The DSA Newsletter #2
Here is a roundup of useful resources on the DSA from November and December 2022.
The symposium that I mentioned last time led to a wonderful collection of essays by scholars working on the DSA. I definitely recommend all the pieces, especially Folkert Wilman’s piece on where the DSA liability chapter fits into existing case-law, Daphne Keller’s piece on likely global impact, Nicolo Zingales’ piece on the shift in the regulatory approach, Alessandro Mantelero’s piece on the human rights assessments, and Julian Jaursch’s piece on how to build a good national Digital Services Coordinator.

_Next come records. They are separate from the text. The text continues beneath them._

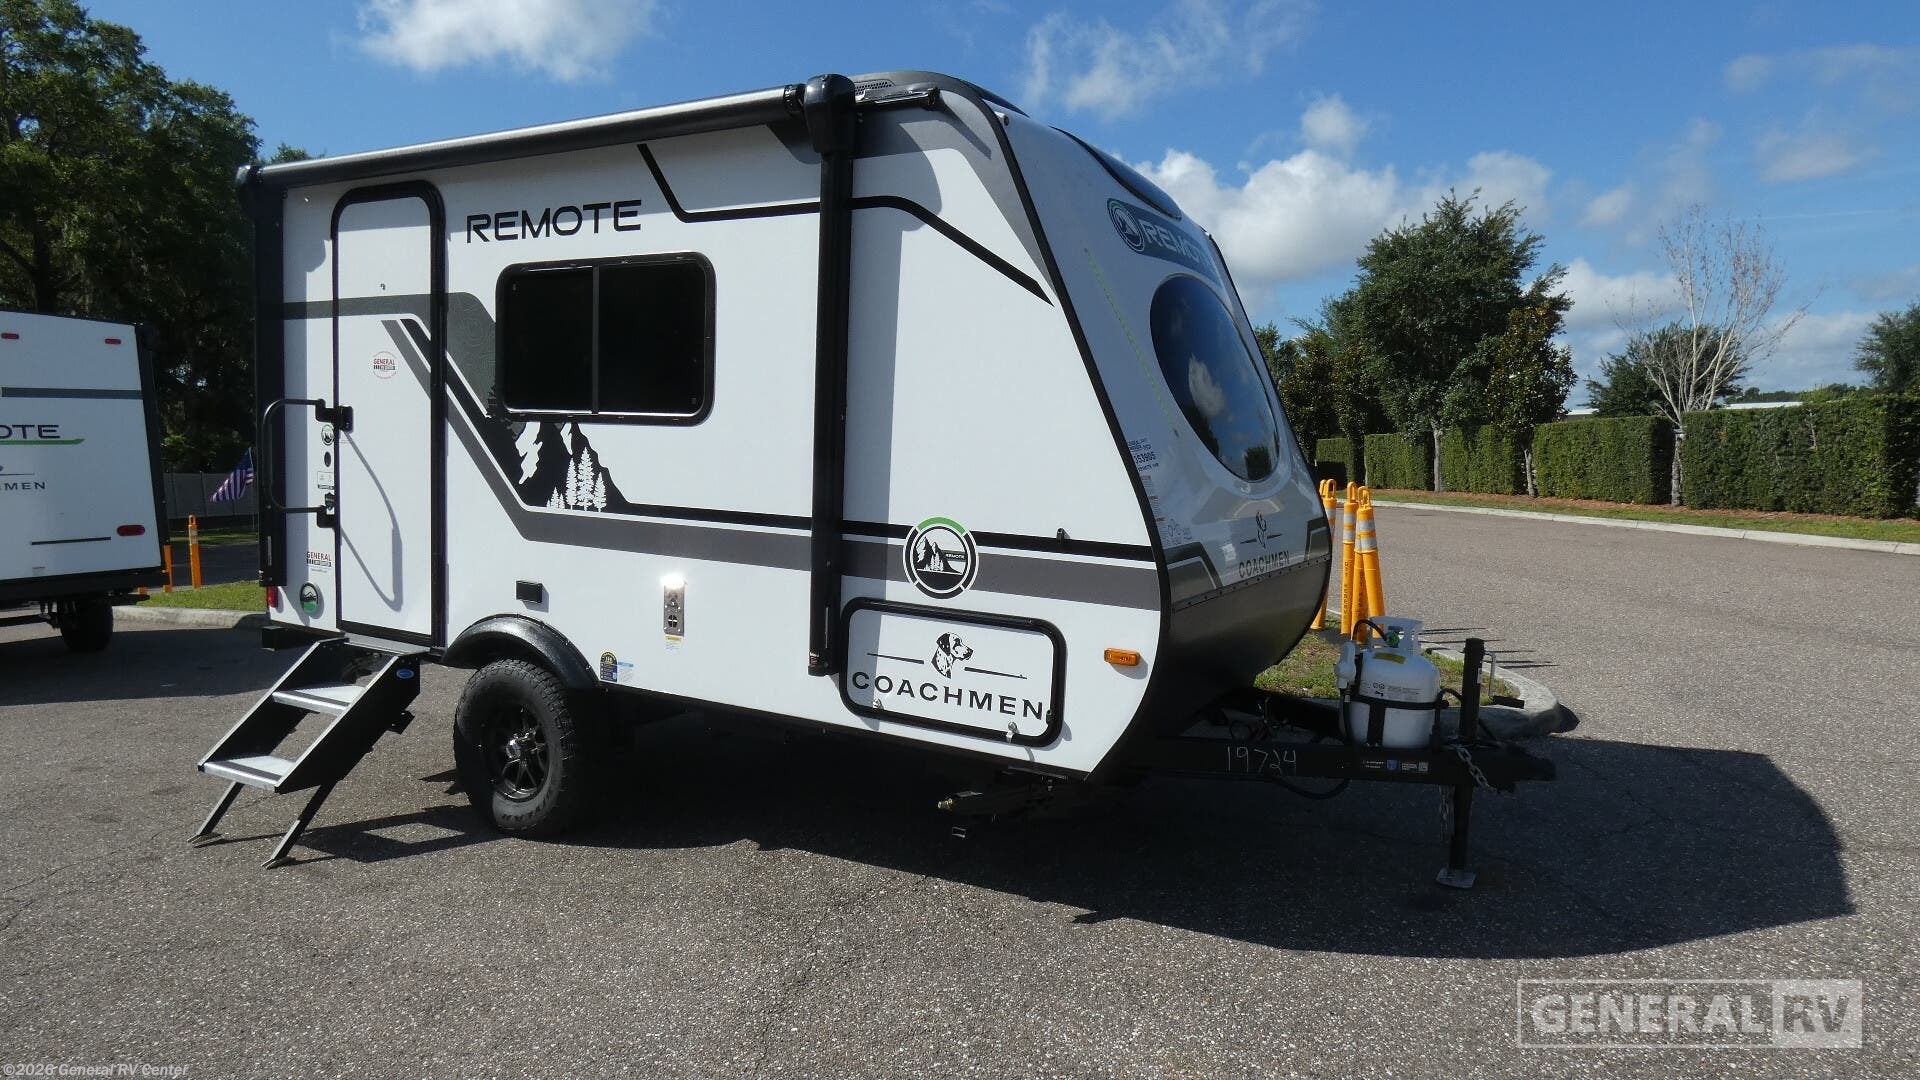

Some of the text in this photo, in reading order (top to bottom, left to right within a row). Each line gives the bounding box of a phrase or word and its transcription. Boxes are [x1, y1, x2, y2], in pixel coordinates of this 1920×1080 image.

[467, 200, 642, 244] REMOTE
[0, 482, 46, 491] MEN
[306, 551, 332, 561] GENERAL
[1239, 550, 1290, 578] COACHMEN
[852, 671, 1043, 720] COACHMEN
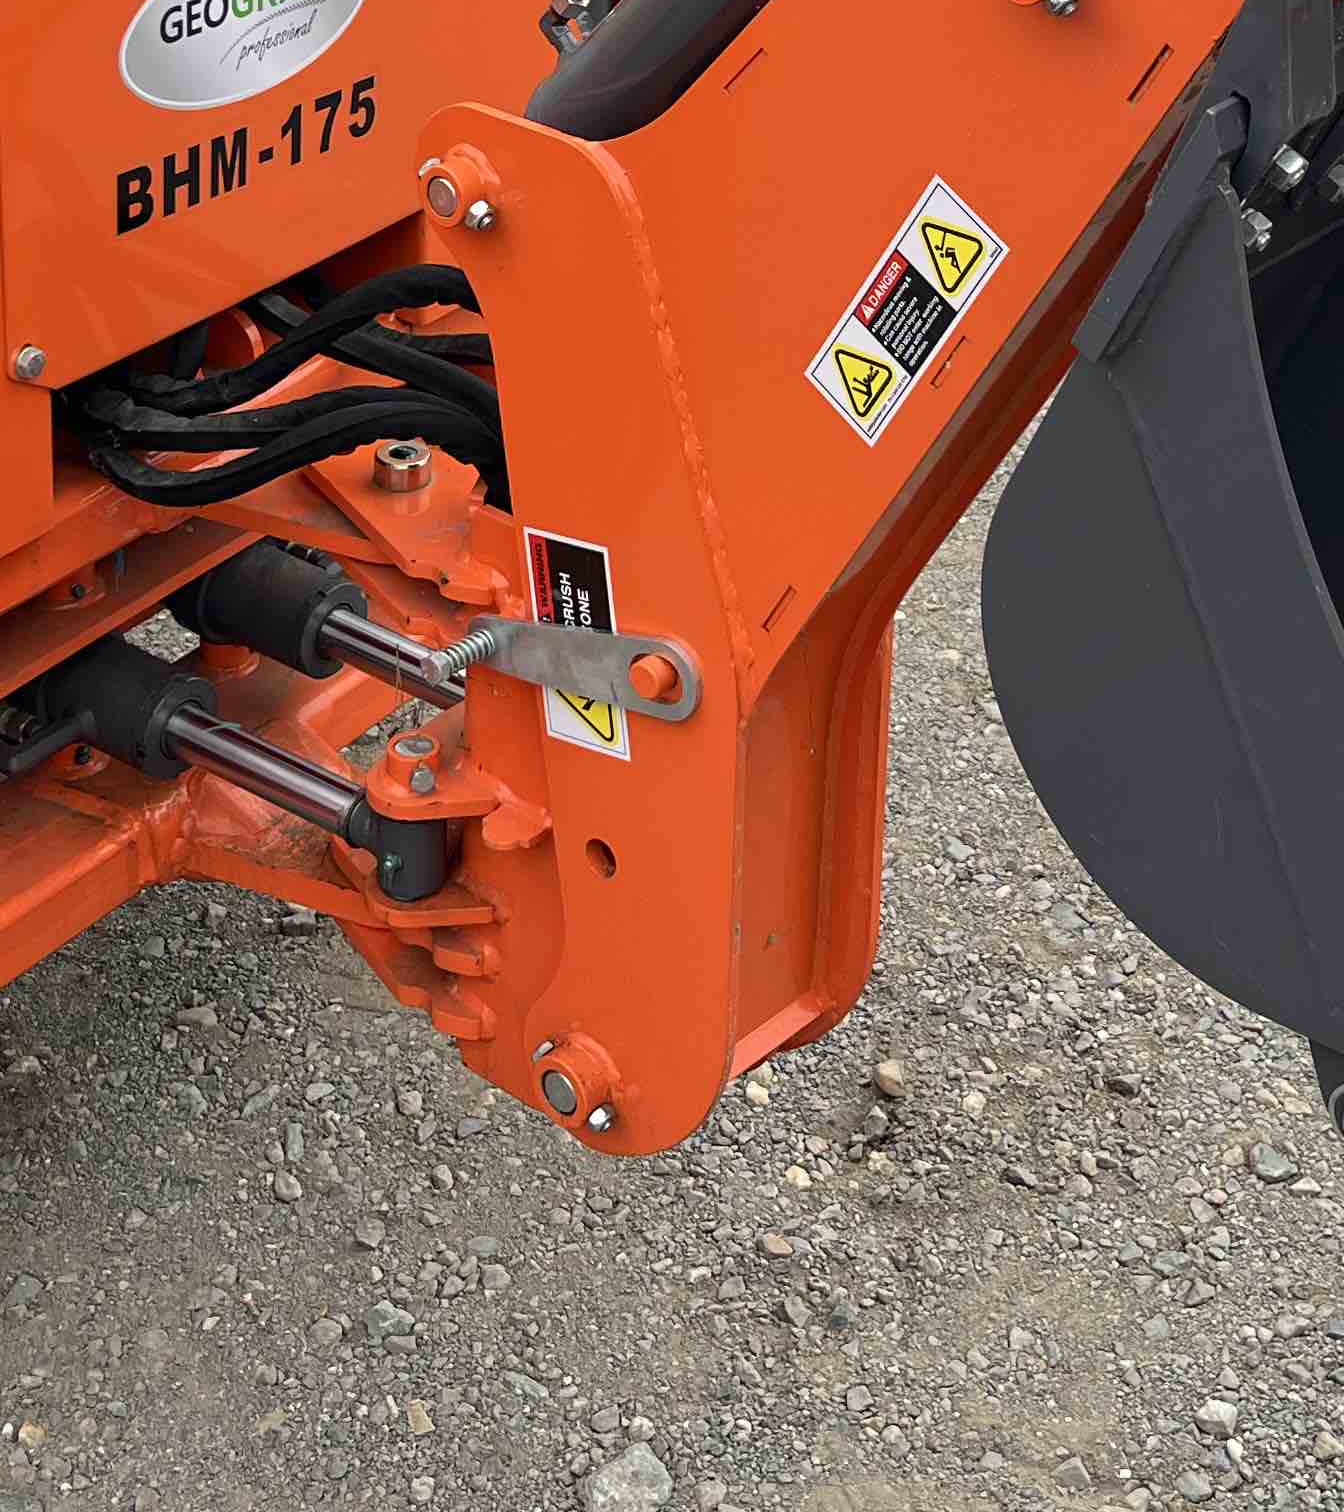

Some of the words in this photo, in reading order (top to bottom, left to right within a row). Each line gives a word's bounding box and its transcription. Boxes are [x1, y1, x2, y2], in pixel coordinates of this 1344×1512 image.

[236, 8, 318, 73] professional
[116, 75, 376, 237] BHM-175
[868, 261, 902, 305] DANGER
[558, 572, 576, 631] CRUSH
[577, 588, 593, 630] ONE

DSA meets DMA: Apple to weaken its grip on app moderation
Apple is rumored to be preparing to allow third-party app stores on the iPhone in the anticipation of the DMA. According to this article on the Verge, “Apple may still keep some hands on the reins. The company is apparently considering “mandating certain security requirements,” verifying outside apps in some way (..)”. This is very a interesting example of how the DSA and DMA interact. Here is what I write about it in a draft chapter of the upcoming book, Principles of the DSA:
The example of app stores is quite illustrative of the ordoliberal thinking behind the DSA and DMA. App stores are an important lever for content moderation. By imposing basic rules on their apps, they de facto meta-regulate content moderation practices on other services. Some apps that tried to offer unmoderated experiences, such as Parler, a social media service, were temporarily removed from the app store due to failure to take “adequate measures to address the proliferation” threats of violence and illegal activity. Because Apple is an important gatekeeper, Parler could not afford to ignore its requests. Softening the economic grip of big app stores on the distribution of apps, one of the goals of the DMA, weakens this power to meta-regulate. This means that individual app providers regain some of the control back from Apple. And this is where the DSA standards become key. The DSA introduces the minimum content moderation rules for apps like Parler. If they fail to live up to them, action can be taken by public and private enforcers. Instead of praising Apple and relying on its economic power over the ecosystem to enforce the rules of diligence, the DMA tries to weaken it, and the DSA to shift it back to the state (and people). The basic insight is that while economic power can be convenient, as it supplements the state, too much of it is corrosive in the long run. Thus, the state sometimes re-asserts itself and takes back some of the responsibilities for the private ecosystem to protect its own people.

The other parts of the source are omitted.